== Aim of the exercise ==
The answer must restate the records below word for word.

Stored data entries

-------

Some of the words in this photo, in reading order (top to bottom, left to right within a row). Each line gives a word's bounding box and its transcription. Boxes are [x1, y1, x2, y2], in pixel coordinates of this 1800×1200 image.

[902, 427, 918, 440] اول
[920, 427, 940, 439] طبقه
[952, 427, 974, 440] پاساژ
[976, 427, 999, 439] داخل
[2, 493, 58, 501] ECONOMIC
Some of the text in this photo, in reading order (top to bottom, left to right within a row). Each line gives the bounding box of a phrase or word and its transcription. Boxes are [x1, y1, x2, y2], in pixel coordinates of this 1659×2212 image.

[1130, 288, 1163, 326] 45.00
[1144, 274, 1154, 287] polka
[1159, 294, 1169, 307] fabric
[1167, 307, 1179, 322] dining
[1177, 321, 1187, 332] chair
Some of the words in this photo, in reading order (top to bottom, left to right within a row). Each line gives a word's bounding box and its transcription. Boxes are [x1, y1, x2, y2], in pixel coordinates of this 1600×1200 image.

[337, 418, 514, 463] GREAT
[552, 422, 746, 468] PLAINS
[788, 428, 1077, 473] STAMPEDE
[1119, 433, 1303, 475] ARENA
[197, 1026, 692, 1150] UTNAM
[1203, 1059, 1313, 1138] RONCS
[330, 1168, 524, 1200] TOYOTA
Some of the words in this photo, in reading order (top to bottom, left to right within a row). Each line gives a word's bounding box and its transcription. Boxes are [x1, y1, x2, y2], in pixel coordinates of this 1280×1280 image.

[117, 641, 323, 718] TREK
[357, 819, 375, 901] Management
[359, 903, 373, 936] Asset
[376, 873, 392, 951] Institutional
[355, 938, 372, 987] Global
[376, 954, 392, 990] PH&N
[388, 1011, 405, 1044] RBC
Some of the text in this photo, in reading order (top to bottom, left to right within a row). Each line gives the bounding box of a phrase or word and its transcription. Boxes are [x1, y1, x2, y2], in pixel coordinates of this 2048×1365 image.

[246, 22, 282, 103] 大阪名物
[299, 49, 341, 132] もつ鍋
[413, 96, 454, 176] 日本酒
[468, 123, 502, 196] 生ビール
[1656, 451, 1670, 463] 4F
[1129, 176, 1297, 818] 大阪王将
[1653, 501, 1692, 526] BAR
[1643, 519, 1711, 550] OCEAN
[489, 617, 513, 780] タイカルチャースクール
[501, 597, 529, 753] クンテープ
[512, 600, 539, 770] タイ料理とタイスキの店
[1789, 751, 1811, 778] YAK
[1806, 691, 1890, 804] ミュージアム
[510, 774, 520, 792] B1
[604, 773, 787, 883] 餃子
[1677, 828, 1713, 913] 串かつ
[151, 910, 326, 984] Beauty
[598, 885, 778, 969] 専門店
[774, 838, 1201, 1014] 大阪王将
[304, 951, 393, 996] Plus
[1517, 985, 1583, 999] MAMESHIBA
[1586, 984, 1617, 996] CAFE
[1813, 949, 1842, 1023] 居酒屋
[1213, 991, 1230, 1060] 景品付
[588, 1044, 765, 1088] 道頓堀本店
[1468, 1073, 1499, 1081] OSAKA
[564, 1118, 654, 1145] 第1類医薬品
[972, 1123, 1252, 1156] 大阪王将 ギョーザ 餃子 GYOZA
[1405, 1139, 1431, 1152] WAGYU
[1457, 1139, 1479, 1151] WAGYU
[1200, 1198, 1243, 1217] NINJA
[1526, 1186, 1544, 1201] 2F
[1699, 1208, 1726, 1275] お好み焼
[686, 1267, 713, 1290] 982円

-------

== Exercise response ==
Some of the words in this photo, in reading order (top to bottom, left to right within a row). Each line gives a word's bounding box and its transcription. Boxes are [x1, y1, x2, y2], in pixel coordinates of this 1800×1200 image.

[902, 427, 918, 440] اول
[920, 427, 940, 439] طبقه
[952, 427, 974, 440] پاساژ
[976, 427, 999, 439] داخل
[2, 493, 58, 501] ECONOMIC
Some of the text in this photo, in reading order (top to bottom, left to right within a row). Each line gives the bounding box of a phrase or word and its transcription. Boxes are [x1, y1, x2, y2], in pixel coordinates of this 1659×2212 image.

[1130, 288, 1163, 326] 45.00
[1144, 274, 1154, 287] polka
[1159, 294, 1169, 307] fabric
[1167, 307, 1179, 322] dining
[1177, 321, 1187, 332] chair
Some of the words in this photo, in reading order (top to bottom, left to right within a row). Each line gives a word's bounding box and its transcription. Boxes are [x1, y1, x2, y2], in pixel coordinates of this 1600×1200 image.

[337, 418, 514, 463] GREAT
[552, 422, 746, 468] PLAINS
[788, 428, 1077, 473] STAMPEDE
[1119, 433, 1303, 475] ARENA
[197, 1026, 692, 1150] UTNAM
[1203, 1059, 1313, 1138] RONCS
[330, 1168, 524, 1200] TOYOTA
Some of the words in this photo, in reading order (top to bottom, left to right within a row). Each line gives a word's bounding box and its transcription. Boxes are [x1, y1, x2, y2], in pixel coordinates of this 1280×1280 image.

[117, 641, 323, 718] TREK
[357, 819, 375, 901] Management
[359, 903, 373, 936] Asset
[376, 873, 392, 951] Institutional
[355, 938, 372, 987] Global
[376, 954, 392, 990] PH&N
[388, 1011, 405, 1044] RBC
Some of the text in this photo, in reading order (top to bottom, left to right within a row). Each line gives the bounding box of a phrase or word and its transcription. Boxes are [x1, y1, x2, y2], in pixel coordinates of this 2048×1365 image.

[246, 22, 282, 103] 大阪名物
[299, 49, 341, 132] もつ鍋
[413, 96, 454, 176] 日本酒
[468, 123, 502, 196] 生ビール
[1656, 451, 1670, 463] 4F
[1129, 176, 1297, 818] 大阪王将
[1653, 501, 1692, 526] BAR
[1643, 519, 1711, 550] OCEAN
[489, 617, 513, 780] タイカルチャースクール
[501, 597, 529, 753] クンテープ
[512, 600, 539, 770] タイ料理とタイスキの店
[1789, 751, 1811, 778] YAK
[1806, 691, 1890, 804] ミュージアム
[510, 774, 520, 792] B1
[604, 773, 787, 883] 餃子
[1677, 828, 1713, 913] 串かつ
[151, 910, 326, 984] Beauty
[598, 885, 778, 969] 専門店
[774, 838, 1201, 1014] 大阪王将
[304, 951, 393, 996] Plus
[1517, 985, 1583, 999] MAMESHIBA
[1586, 984, 1617, 996] CAFE
[1813, 949, 1842, 1023] 居酒屋
[1213, 991, 1230, 1060] 景品付
[588, 1044, 765, 1088] 道頓堀本店
[1468, 1073, 1499, 1081] OSAKA
[564, 1118, 654, 1145] 第1類医薬品
[972, 1123, 1252, 1156] 大阪王将 ギョーザ 餃子 GYOZA
[1405, 1139, 1431, 1152] WAGYU
[1457, 1139, 1479, 1151] WAGYU
[1200, 1198, 1243, 1217] NINJA
[1526, 1186, 1544, 1201] 2F
[1699, 1208, 1726, 1275] お好み焼
[686, 1267, 713, 1290] 982円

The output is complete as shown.